## What to work on
Although the records contain pictures, only their text should be reproduced, exactly as written.

-------- Supplied data --------

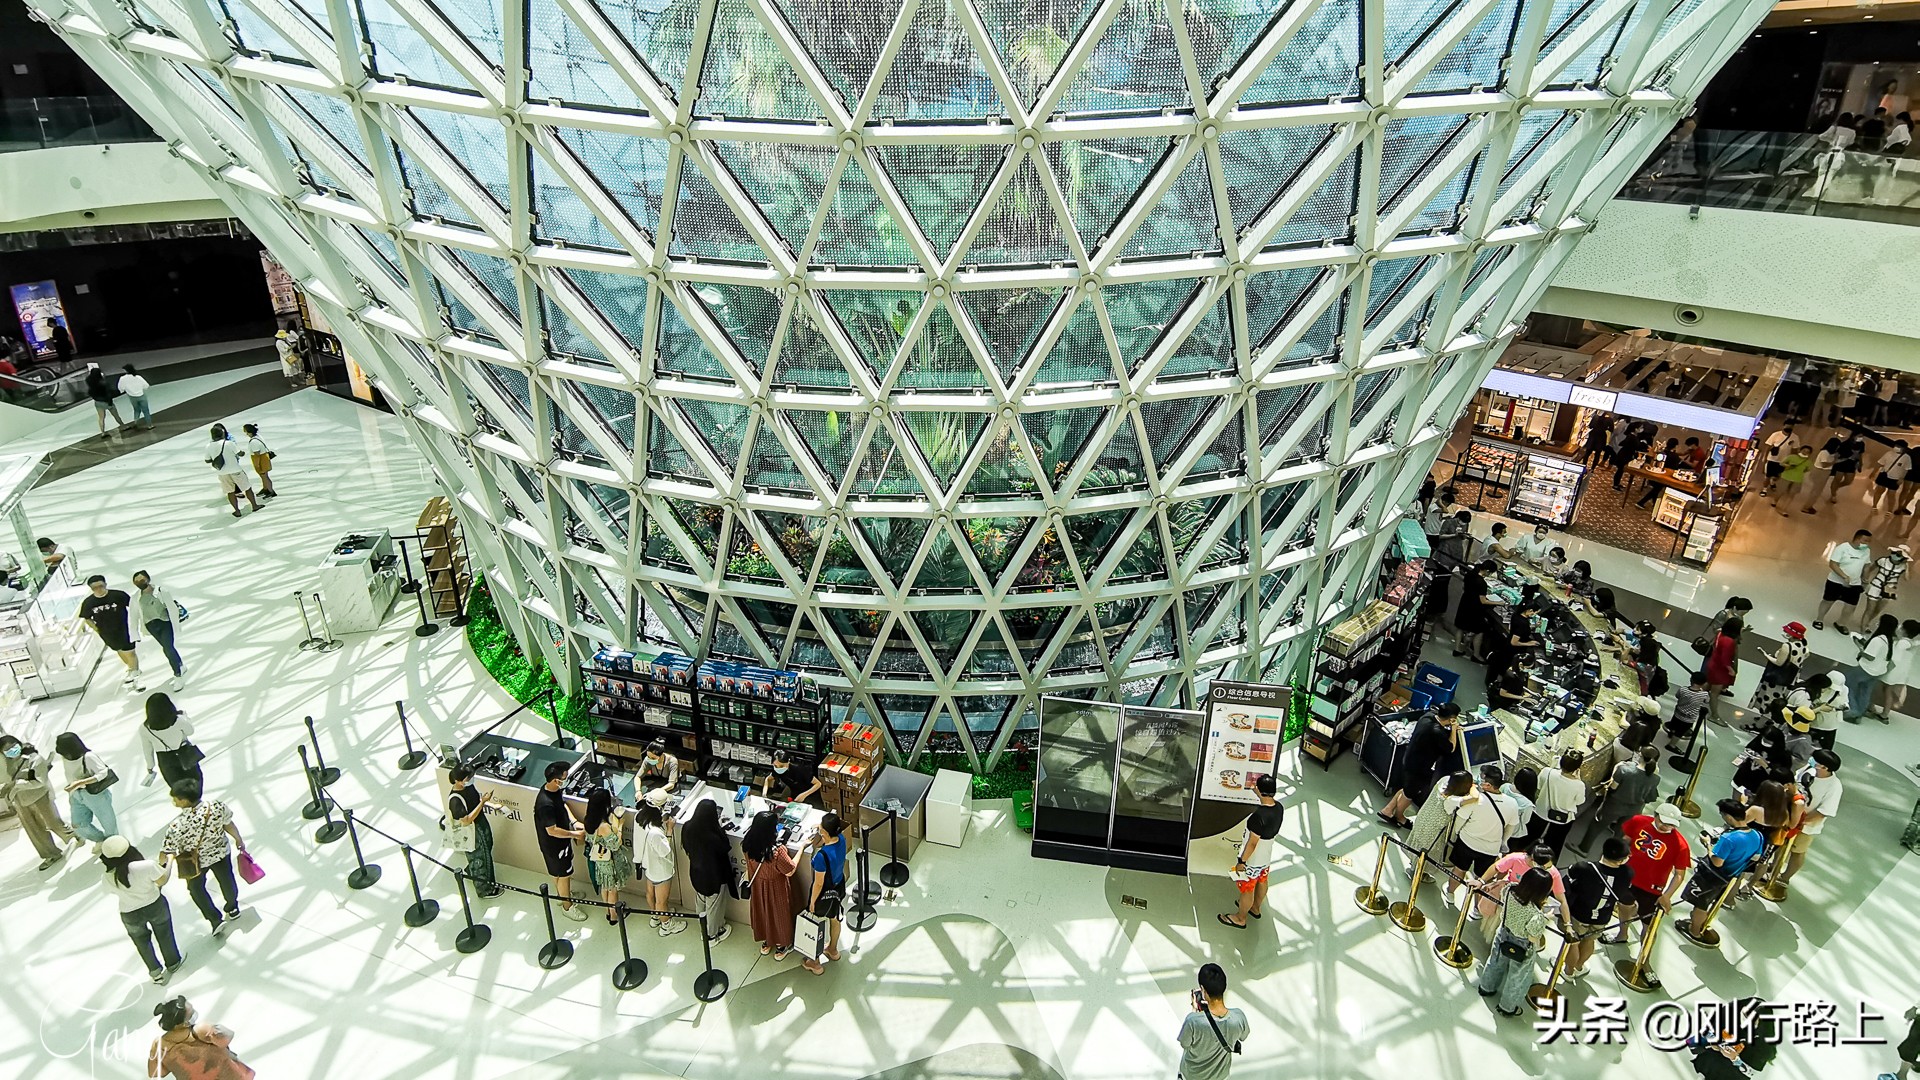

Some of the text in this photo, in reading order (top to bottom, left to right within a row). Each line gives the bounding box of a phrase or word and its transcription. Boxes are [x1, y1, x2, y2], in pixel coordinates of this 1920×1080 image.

[1228, 688, 1276, 699] 综合信息导视
[1634, 829, 1668, 861] 23
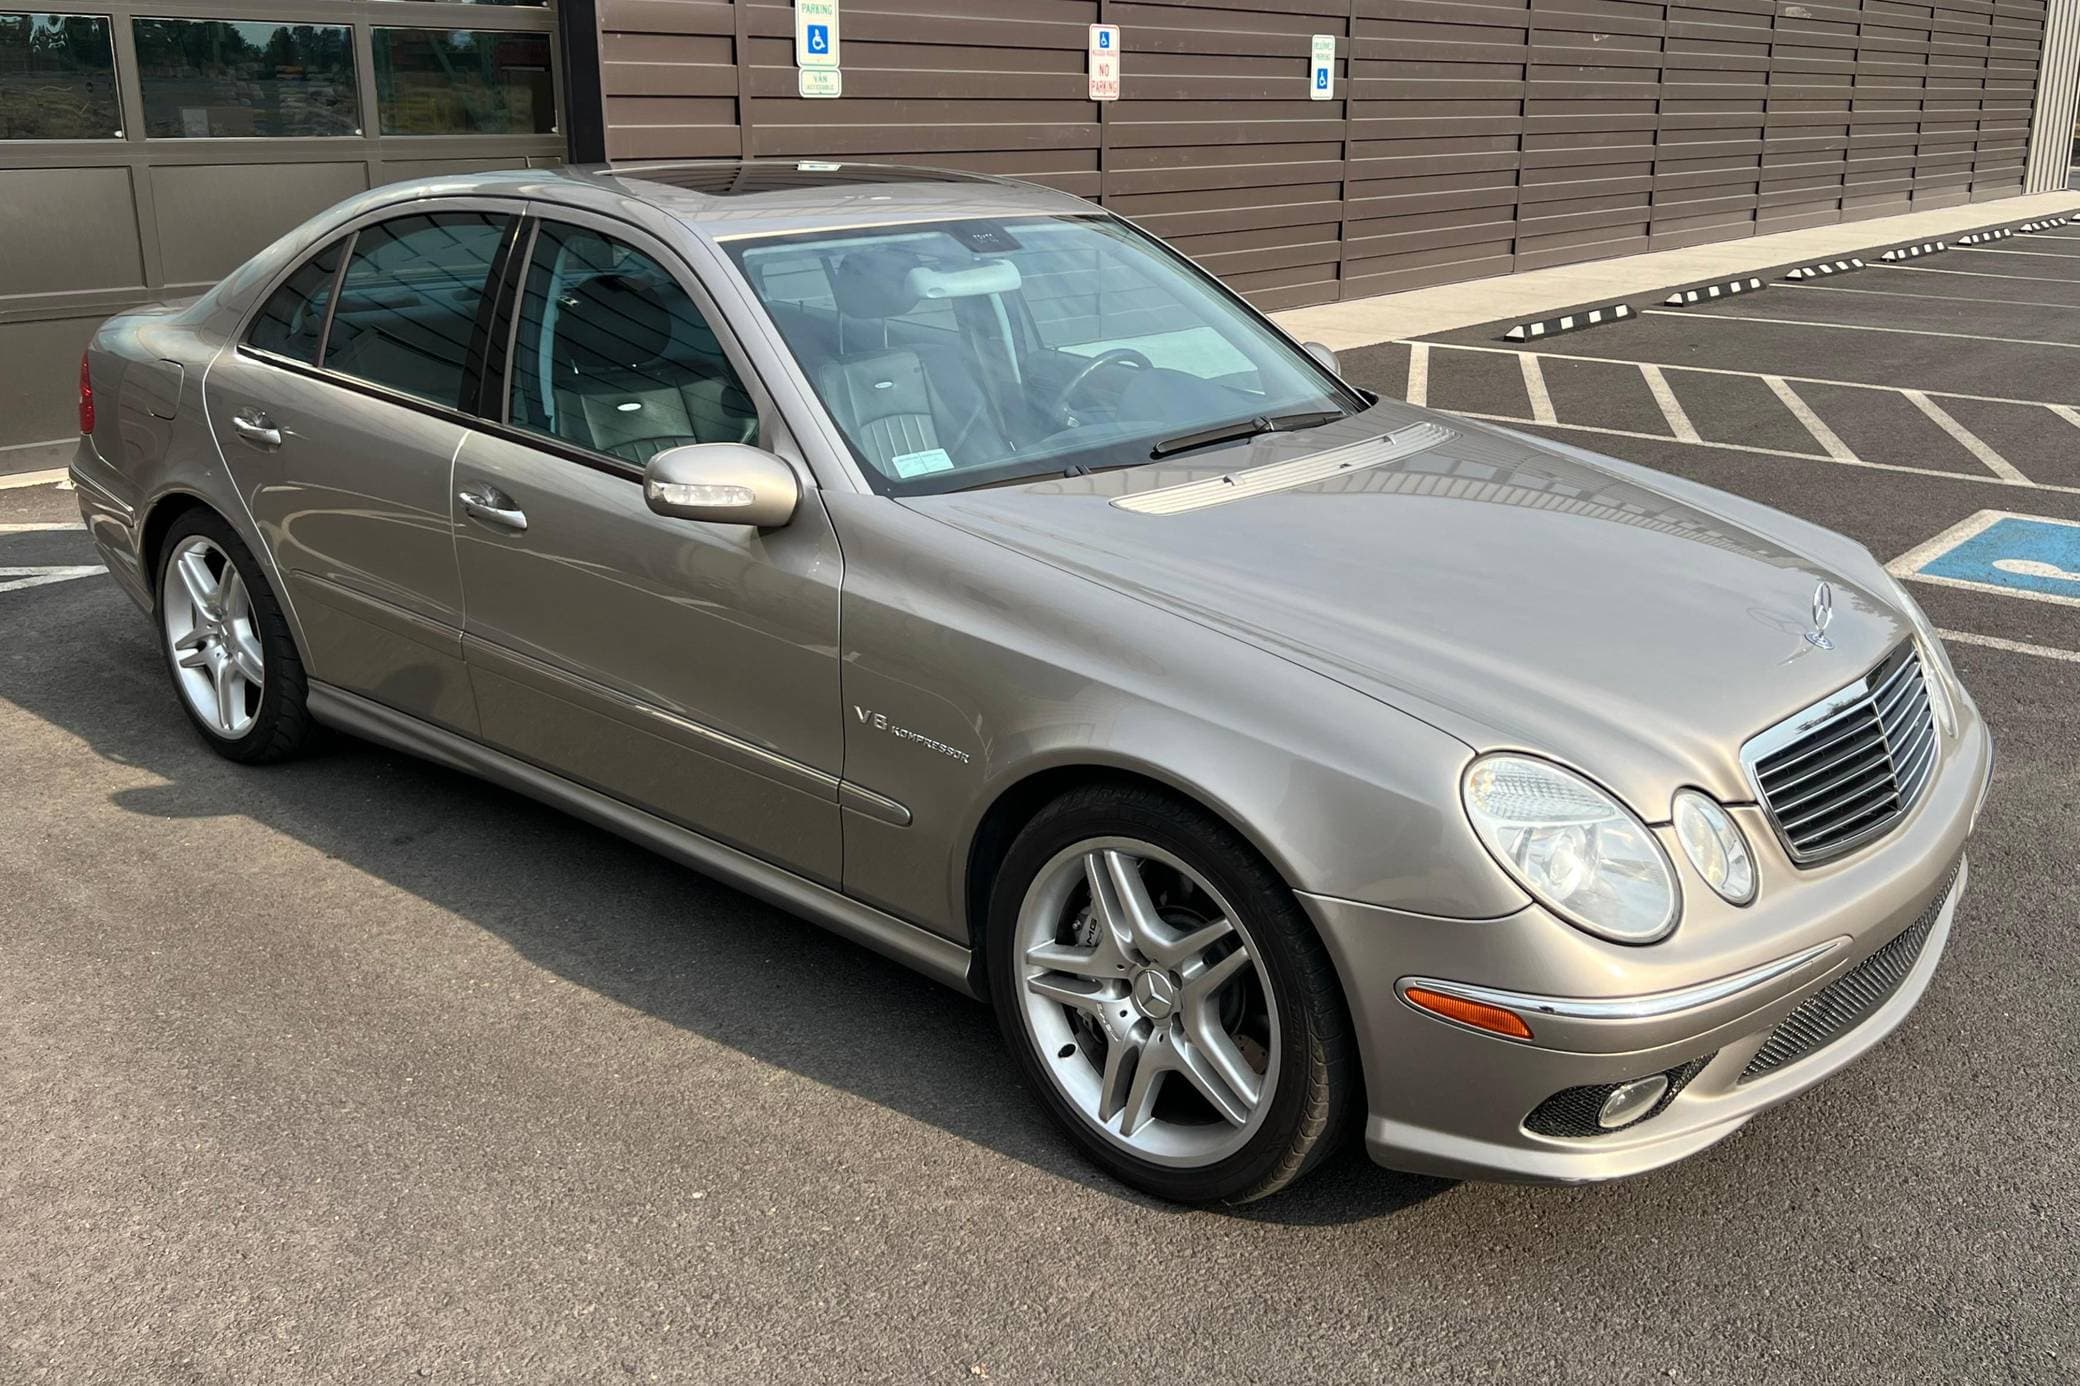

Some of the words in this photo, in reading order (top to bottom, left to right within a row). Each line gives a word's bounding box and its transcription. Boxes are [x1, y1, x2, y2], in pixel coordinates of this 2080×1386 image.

[801, 3, 833, 16] PARKING
[1099, 63, 1110, 77] NO
[813, 75, 828, 83] VAN
[1091, 80, 1117, 94] PARKING
[854, 705, 888, 731] V8
[891, 725, 970, 764] KOMPRESSOR
[1086, 918, 1098, 946] MG

--------

## Expected output
Some of the text in this photo, in reading order (top to bottom, left to right within a row). Each line gives the bounding box of a phrase or word and its transcription. Boxes are [x1, y1, x2, y2], in pixel coordinates of this 1920×1080 image.

[1228, 688, 1276, 699] 综合信息导视
[1634, 829, 1668, 861] 23

Some of the words in this photo, in reading order (top to bottom, left to right within a row). Each line gives a word's bounding box and its transcription. Boxes are [x1, y1, x2, y2], in pixel coordinates of this 2080×1386 image.

[801, 3, 833, 16] PARKING
[1099, 63, 1110, 77] NO
[813, 75, 828, 83] VAN
[1091, 80, 1117, 94] PARKING
[854, 705, 888, 731] V8
[891, 725, 970, 764] KOMPRESSOR
[1086, 918, 1098, 946] MG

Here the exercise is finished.